SOURCE DATA START

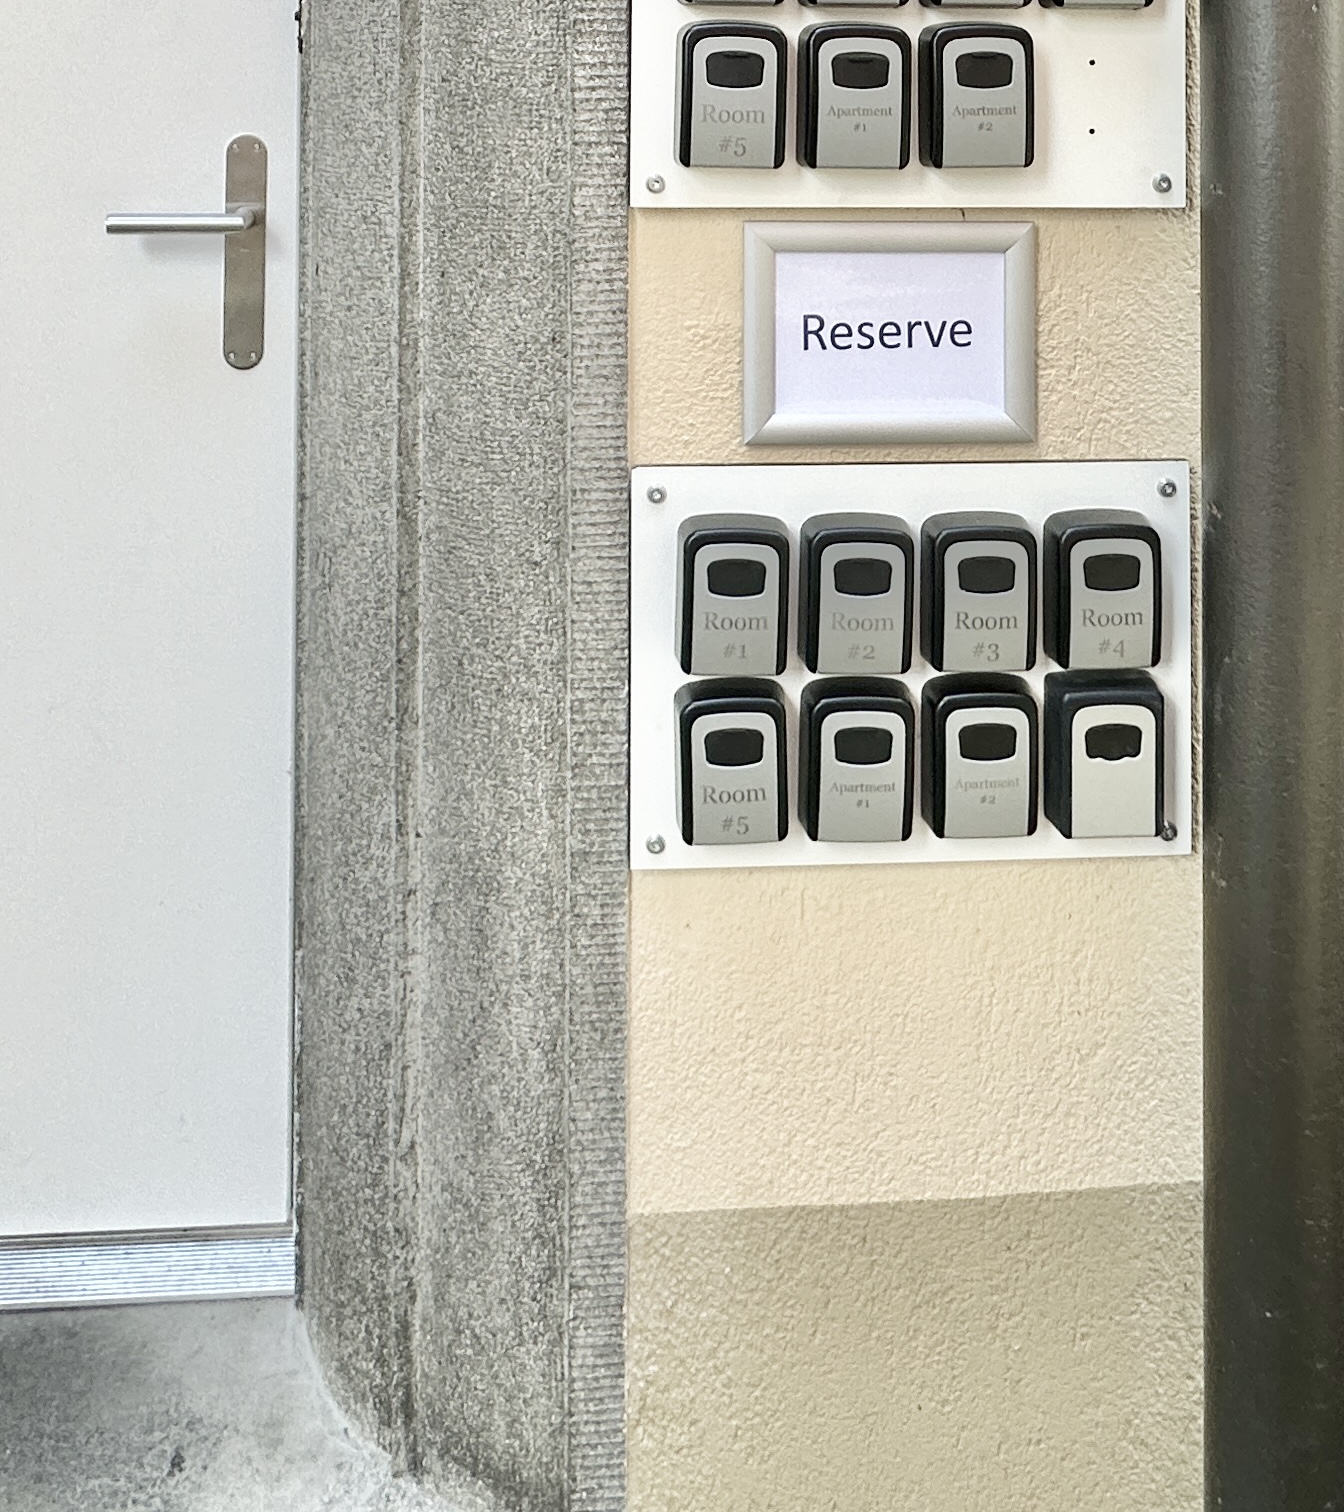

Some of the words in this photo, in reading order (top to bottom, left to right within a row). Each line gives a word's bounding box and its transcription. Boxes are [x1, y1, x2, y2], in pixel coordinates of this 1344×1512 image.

[700, 104, 766, 125] Room
[827, 105, 893, 119] Apartment
[952, 104, 1017, 119] Apartment
[853, 123, 867, 133] #1
[977, 122, 993, 133] #2
[718, 137, 747, 158] #5
[802, 314, 973, 351] Reserve
[703, 610, 769, 632] Room
[831, 610, 895, 632] Room
[954, 609, 1019, 631] Room
[1081, 607, 1144, 629] Room
[723, 643, 749, 660] #1
[847, 644, 876, 662] #2
[971, 641, 1000, 664] #3
[1098, 638, 1126, 659] #4
[701, 784, 767, 805] Room
[830, 781, 896, 796] Apartment
[956, 776, 1021, 792] Apartment
[856, 799, 870, 809] #1
[980, 794, 996, 805] #2
[720, 815, 750, 836] #5
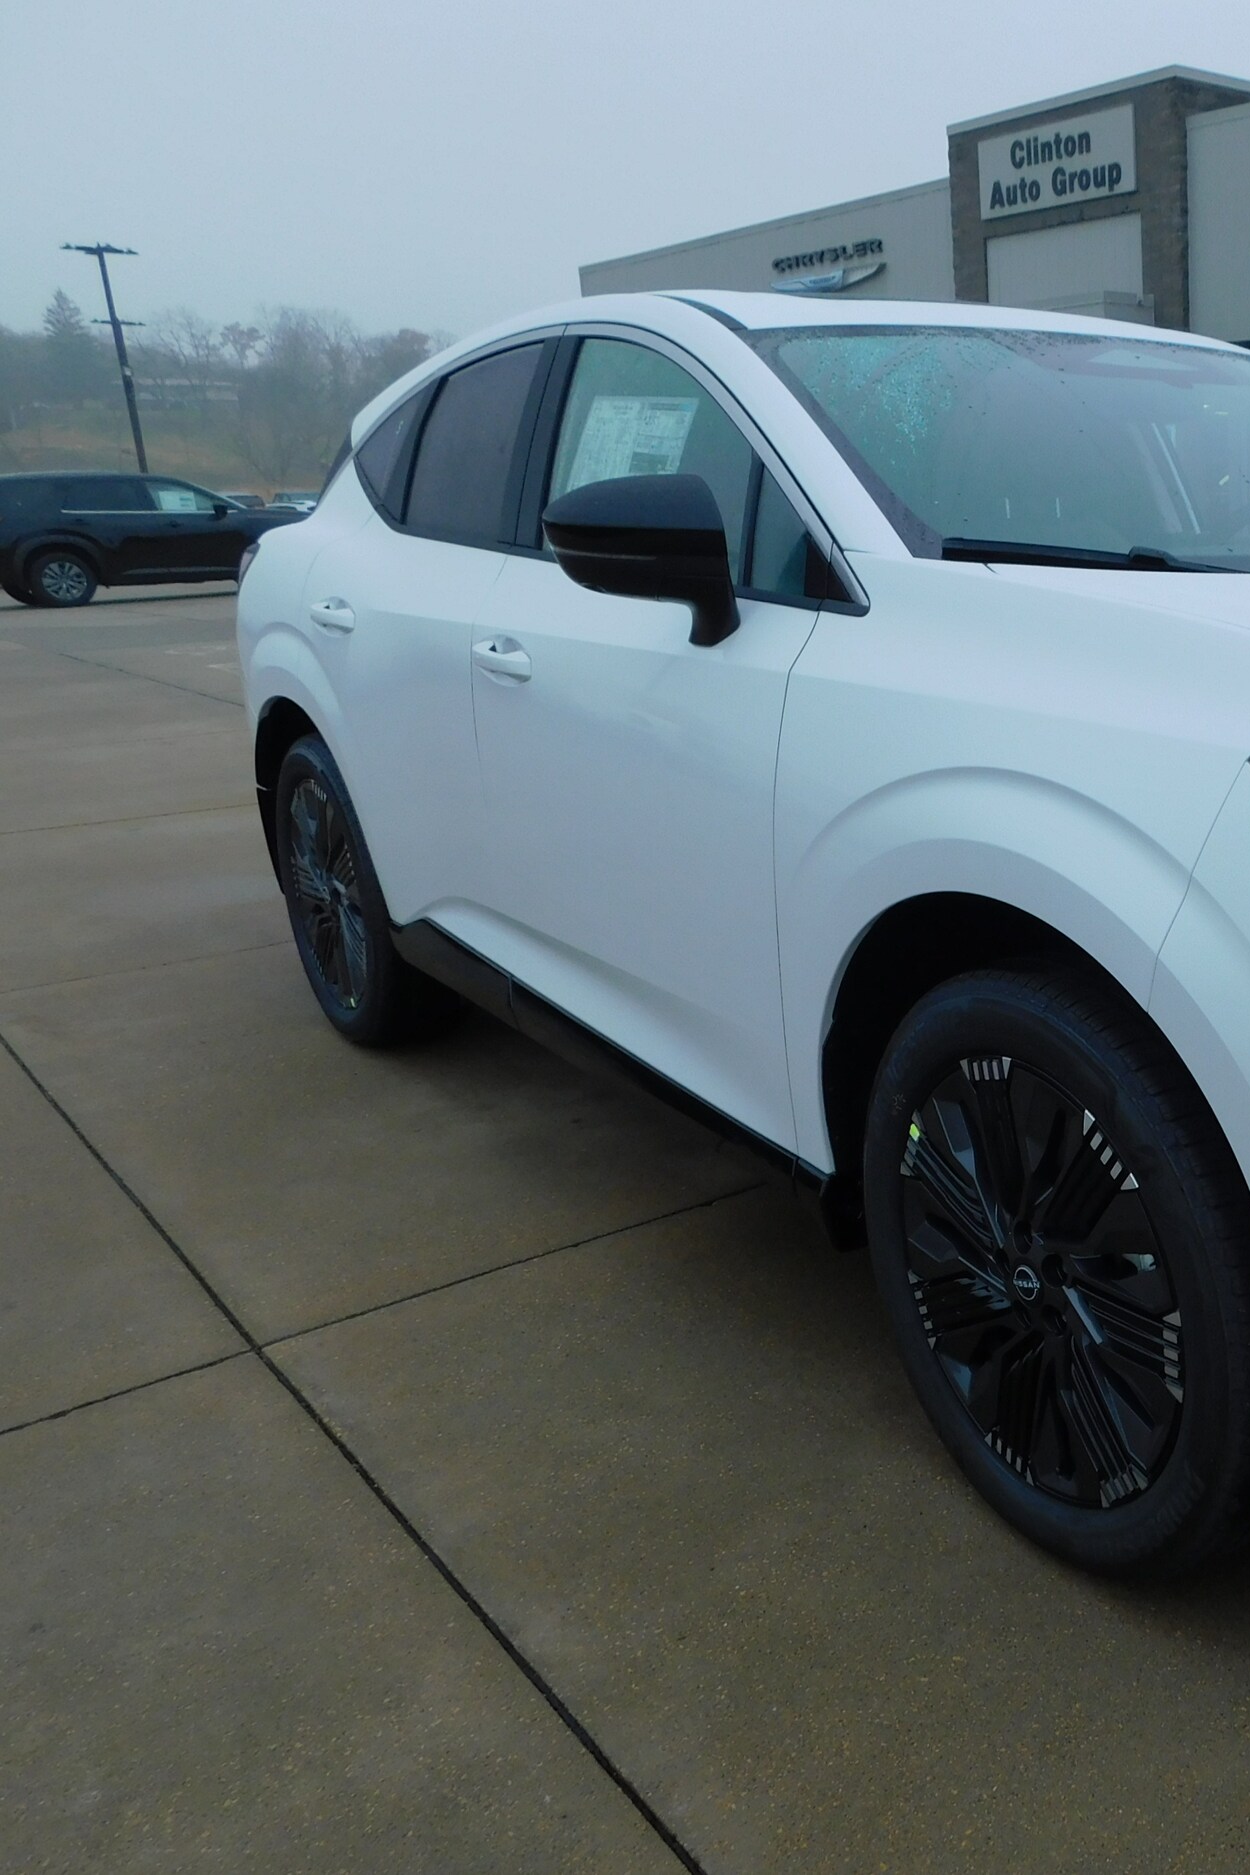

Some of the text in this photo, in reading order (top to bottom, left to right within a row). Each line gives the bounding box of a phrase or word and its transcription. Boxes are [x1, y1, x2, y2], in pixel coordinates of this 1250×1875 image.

[1010, 130, 1091, 170] Clinton
[989, 161, 1122, 210] Auto Group
[772, 238, 883, 273] CHRYSLER
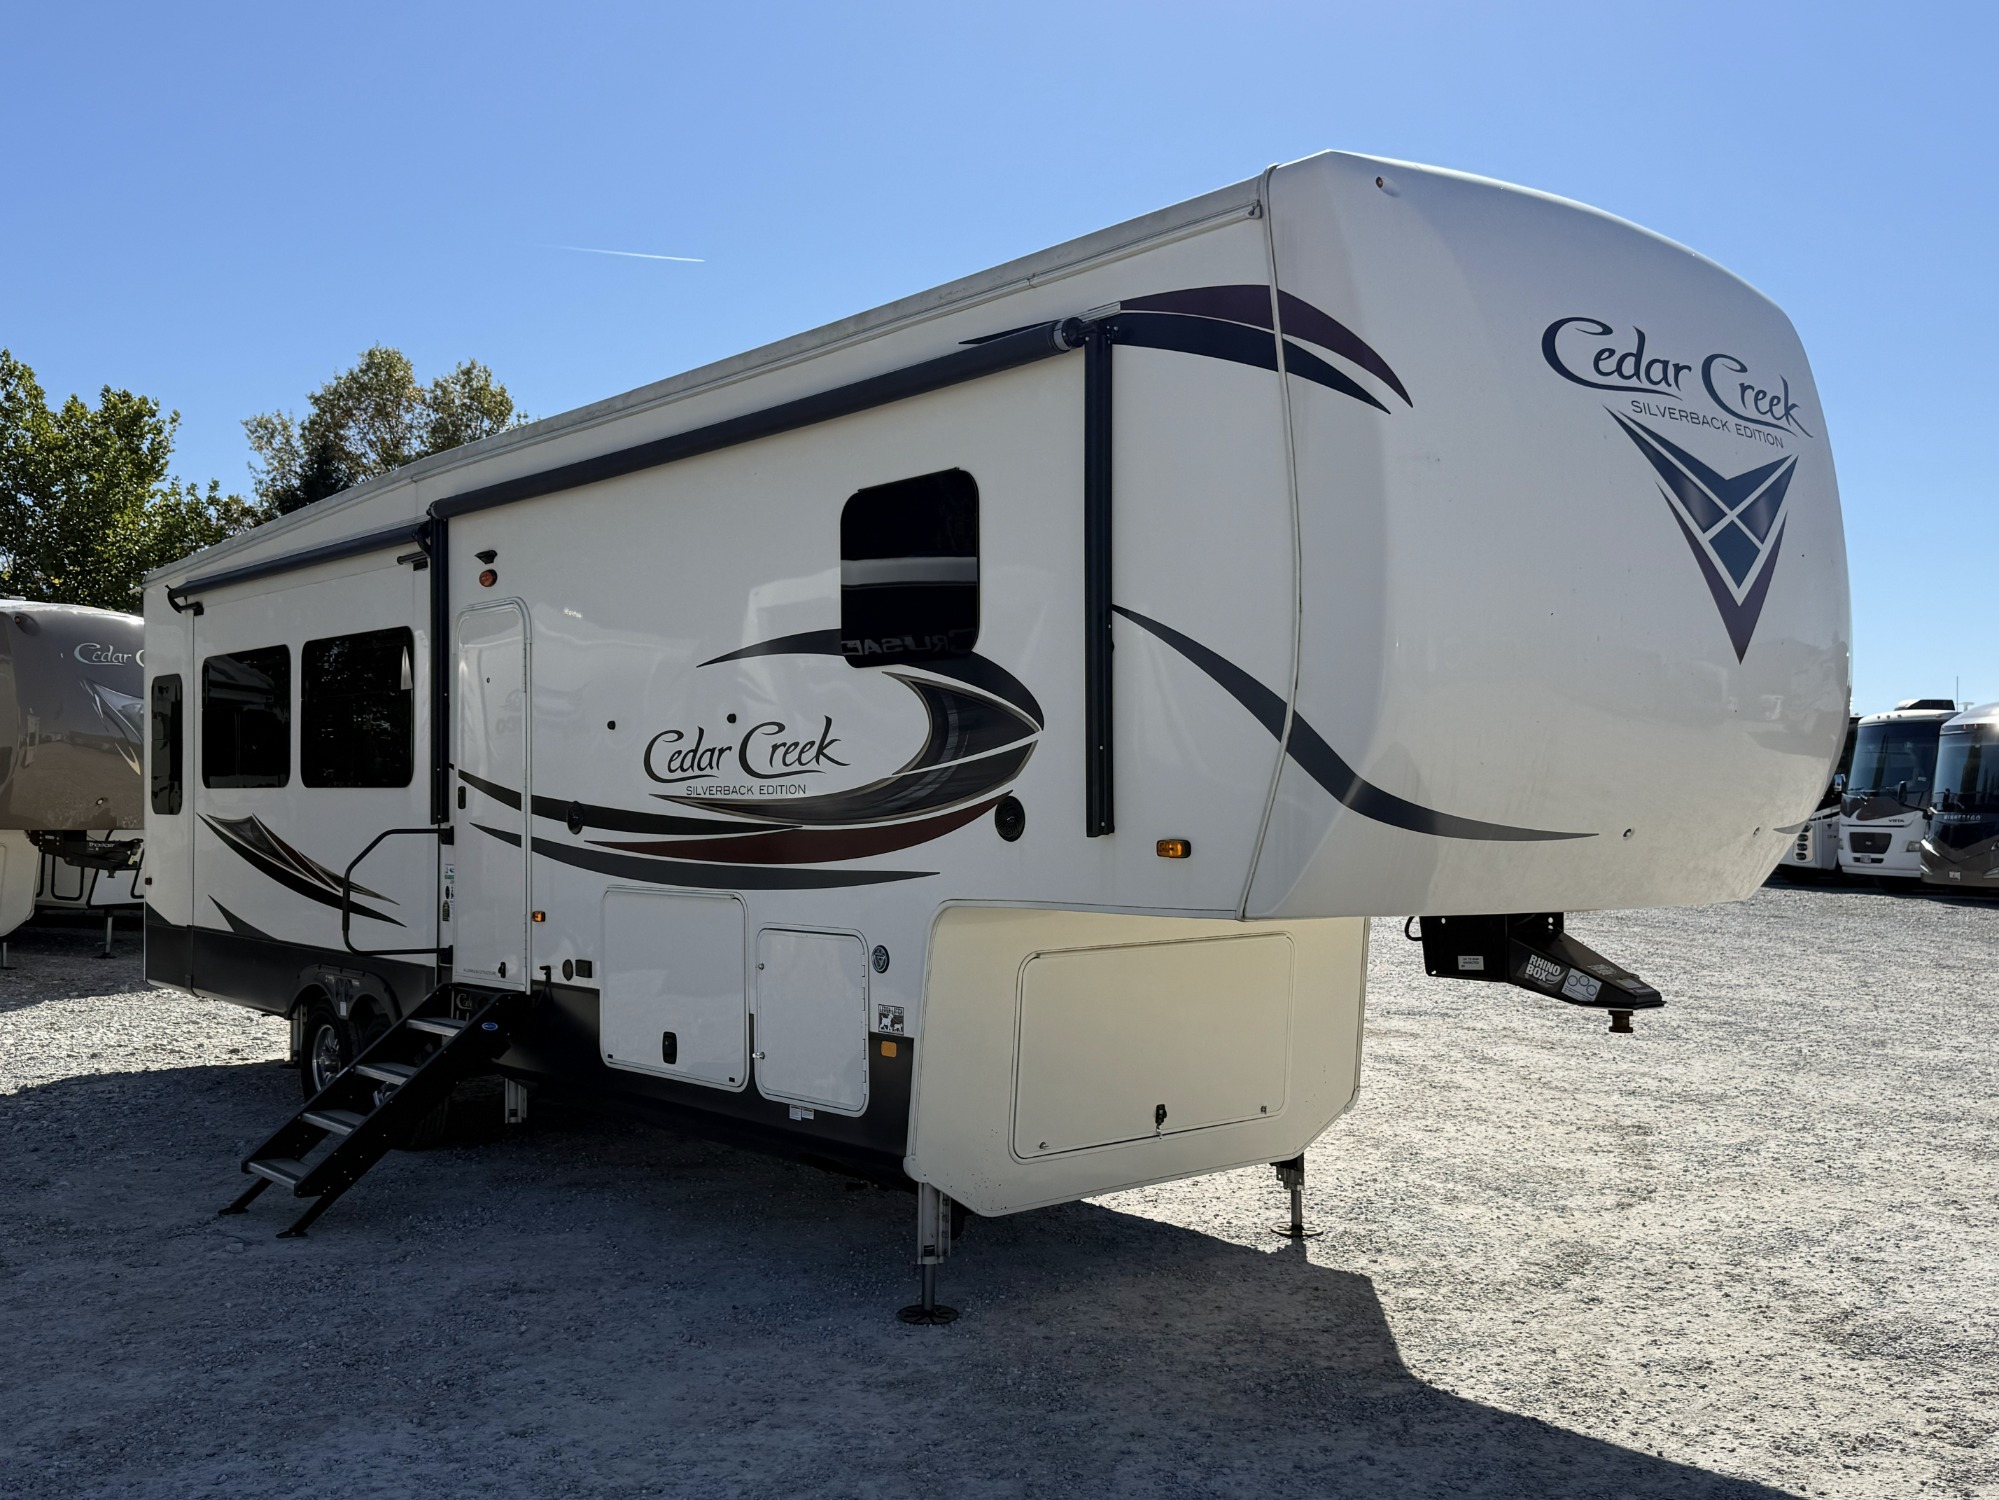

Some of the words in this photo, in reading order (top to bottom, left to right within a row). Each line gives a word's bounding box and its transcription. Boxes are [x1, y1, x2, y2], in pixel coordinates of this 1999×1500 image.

[1541, 316, 1692, 400] Cedar
[1701, 353, 1813, 438] Creek
[1631, 400, 1731, 433] SILVERBACK
[1735, 423, 1784, 449] EDITION
[74, 642, 132, 666] Cedar
[643, 726, 733, 783] Cedar
[738, 715, 851, 779] Creek
[686, 785, 754, 796] SILVERBACK
[759, 784, 806, 795] EDITION
[1525, 964, 1549, 981] BOX
[1528, 954, 1561, 976] RHINO

SOURCE DATA END

=== TASK DETAILS ===
Beginning at the line with "Some of the text" and ending at the last line of the listing above, retype each line exactly, including those two lines. Leave the pictures out.

=== YOUR SOLUTION ===
Some of the text in this photo, in reading order (top to bottom, left to right within a row). Each line gives the bounding box of a phrase or word and its transcription. Boxes are [x1, y1, x2, y2], in pixel coordinates of this 1250×1875 image.

[1010, 130, 1091, 170] Clinton
[989, 161, 1122, 210] Auto Group
[772, 238, 883, 273] CHRYSLER

Some of the words in this photo, in reading order (top to bottom, left to right within a row). Each line gives a word's bounding box and its transcription. Boxes are [x1, y1, x2, y2], in pixel coordinates of this 1999×1500 image.

[1541, 316, 1692, 400] Cedar
[1701, 353, 1813, 438] Creek
[1631, 400, 1731, 433] SILVERBACK
[1735, 423, 1784, 449] EDITION
[74, 642, 132, 666] Cedar
[643, 726, 733, 783] Cedar
[738, 715, 851, 779] Creek
[686, 785, 754, 796] SILVERBACK
[759, 784, 806, 795] EDITION
[1525, 964, 1549, 981] BOX
[1528, 954, 1561, 976] RHINO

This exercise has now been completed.